Afonso olhou para as meninas, depois para Ana. O silêncio durou uma eternidade.

— A gravação vai recomeçar em dois minutos! — gritou um produtor ao fundo.

Afonso deu um suspiro pesado, passou a mão pelo rosto e olhou para Ana uma última vez antes de voltar para o palco.

— A gente conversa depois, Ana. Se você ainda estiver sóbria o suficiente para lembrar quem é quem.

Ana ficou ali, parada no corredor, enquanto as amigas a puxavam de volta para o palco. O bloco final do especial foi uma mistura de piadas sobre o beijo e tentativas desesperadas de Ana de manter a compostura. Thiago continuou brincando sobre o "amor proibido entre irmãos", o que gerava gargalhadas na plateia, mas cada piada parecia um prego na paciência de Afonso.

Ao final da gravação, quando as luzes finalmente se apagaram e o público começou a sair, Ana sentiu um vazio imenso. O segredo ainda estava lá, mas agora estava manchado por um beijo que ela nunca quis dar e por uma mágoa que ela não sabia como curar.

Nos bastidores, enquanto todos se abraçavam e comemoravam o sucesso do especial, Afonso aproximou-se de Ana, que estava pegando sua bolsa.

— Eu vou te levar para o hotel — ele disse, em um tom que não admitia discussão.

— O Thiago disse que ia...

— O Thiago já causou confusão demais por hoje — Afonso a interrompeu, pegando o braço dela com firmeza, mas sem grosseria. — Vamos.

Eles saíram pelos fundos do teatro, evitando os fãs que se aglomeravam na porta principal. O ar frio da noite paulistana ajudou a clarear um pouco a mente de Ana. Dentro do carro, o silêncio era absoluto até Afonso dar a partida.

— Você foi muito bem hoje — ele disse, surpreendendo-a. — Apesar de tudo. Você é uma comediante incrível, Ana.

— Obrigada — ela sussurrou.

— Mas você é uma péssima mentirosa.

Ana olhou para a janela, vendo as luzes da cidade passarem como borrões.

— Eu não queria que fosse assim, Afonso. Eu não queria que ninguém soubesse. Eu tenho medo de estragar tudo. A nossa amizade, o respeito que eu conquistei...

— Você acha que eu te respeitaria menos por você gostar de mim? — ele riu, uma risada sem humor. — Ana, eu passo metade do meu tempo tentando entender por que você ainda não percebeu que eu estou na mesma pasta oculta que você.

O carro parou em um sinal vermelho. Ana virou-se para ele, o coração batendo tão forte que ela achava que ele poderia ouvir.

— O quê?

Afonso olhou para ela, e desta vez, o brilho nos olhos dele era o mesmo que ela via em seus sonhos.

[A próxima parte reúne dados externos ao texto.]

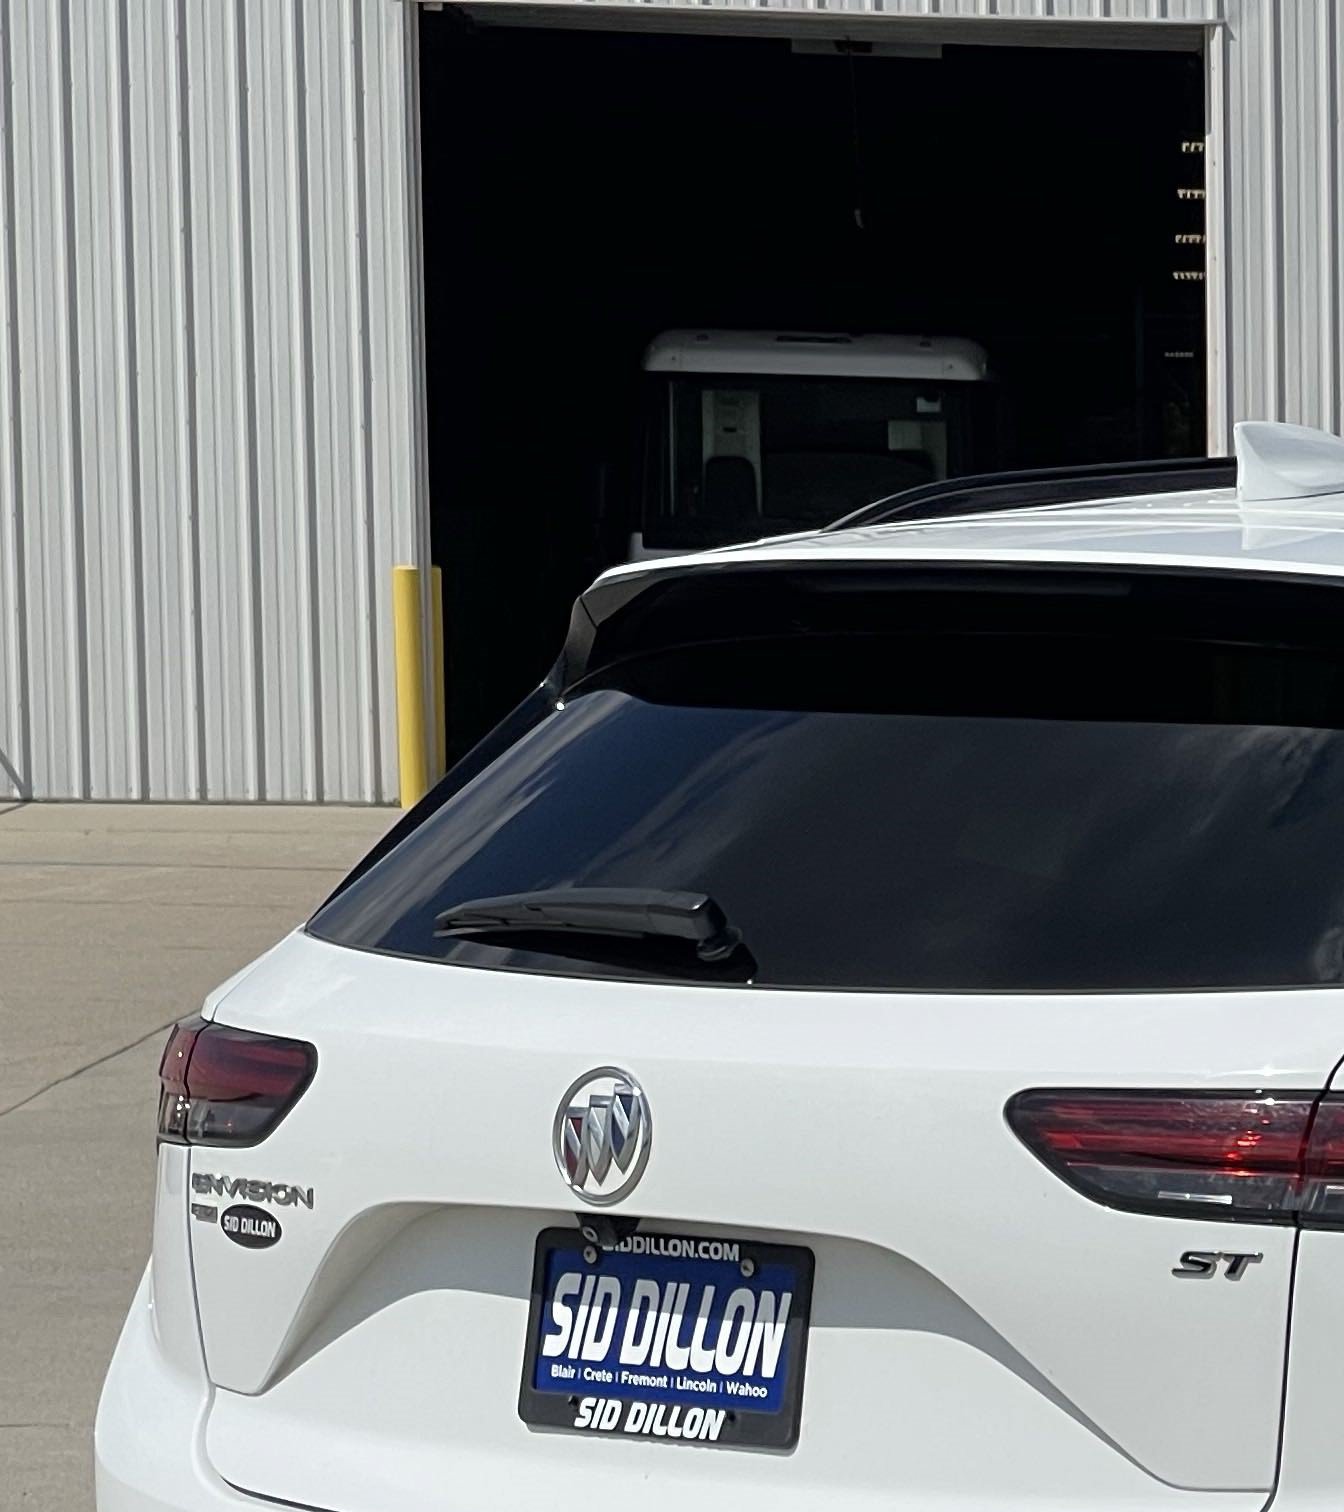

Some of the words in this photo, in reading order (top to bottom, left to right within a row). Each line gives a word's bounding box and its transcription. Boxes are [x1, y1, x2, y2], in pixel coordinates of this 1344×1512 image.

— O beijo no Thiago foi um erro, Ana. Mas o meu erro foi não ter tido a coragem de subir naquele palco e dizer que o desafio era meu.

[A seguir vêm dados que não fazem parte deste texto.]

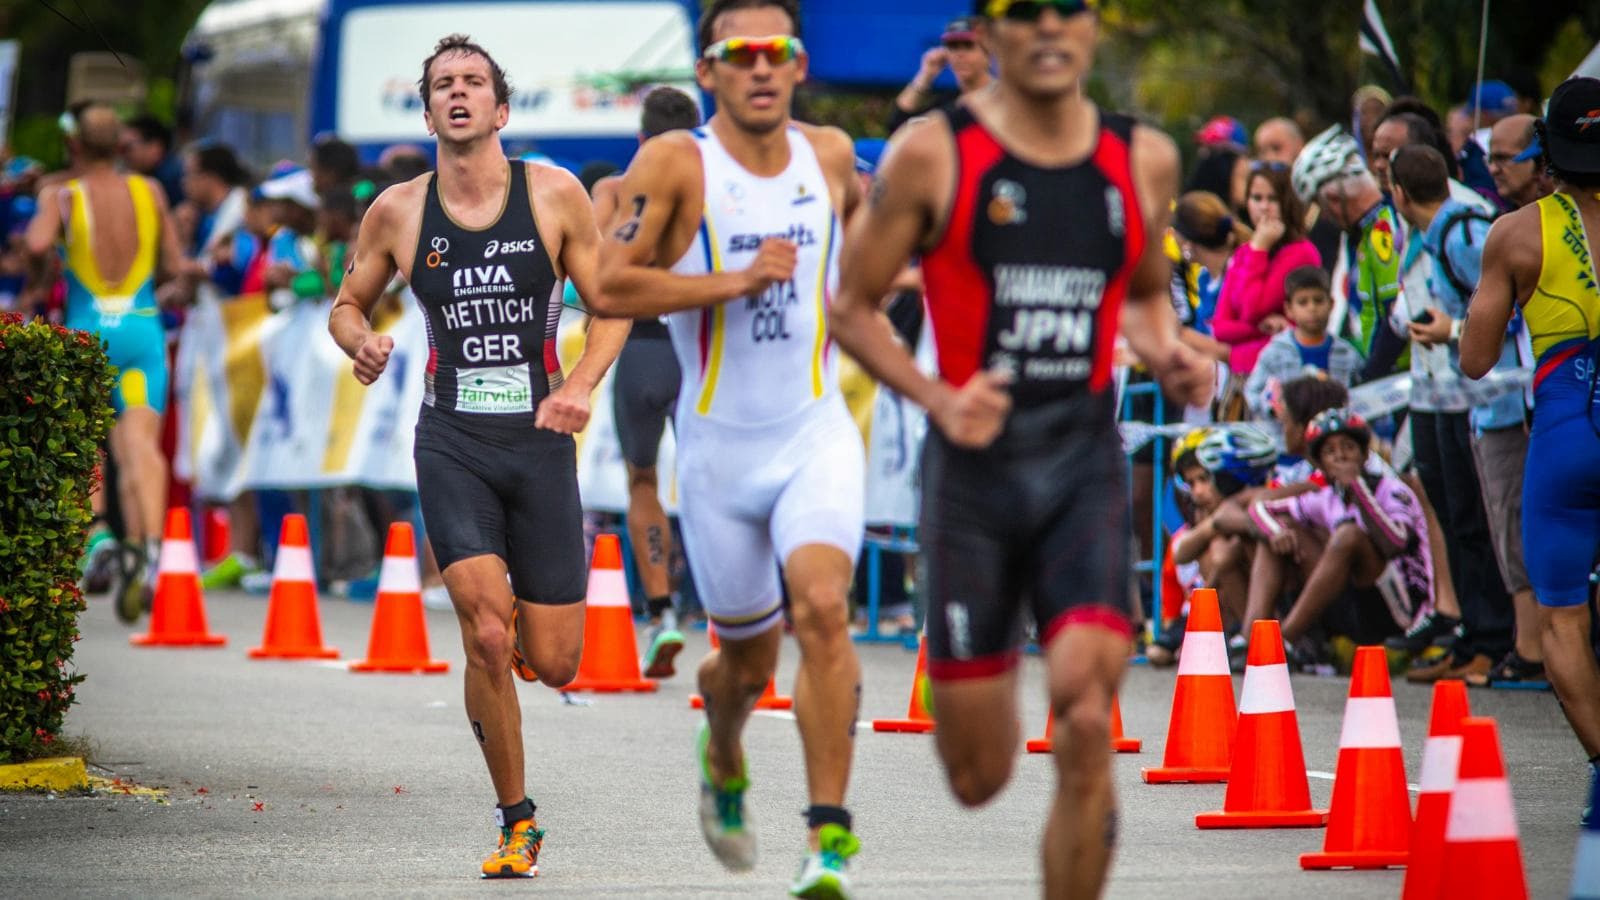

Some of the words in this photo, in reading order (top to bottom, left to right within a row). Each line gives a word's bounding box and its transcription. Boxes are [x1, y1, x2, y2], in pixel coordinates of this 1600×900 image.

[501, 240, 535, 254] asics
[454, 284, 515, 297] ENGINEERING
[441, 297, 534, 330] HETTICH
[752, 310, 791, 343] COL
[997, 309, 1092, 353] JPN
[462, 334, 523, 362] GER

Ele não esperou por uma resposta. O sinal abriu, e ele seguiu caminho. O "incesto" da comédia seria a piada da semana, o vídeo de Rafaela provavelmente circularia por meses, mas ali, naquele carro, Ana percebeu que a emboscada das amigas tinha atingido o alvo. Não da forma que ela queria, nem da forma que ela planejava, mas da forma que precisava ser.

Afinal, na comédia, como na vida, às vezes você precisa beijar o "irmão" errado para finalmente encontrar o caminho para o certo.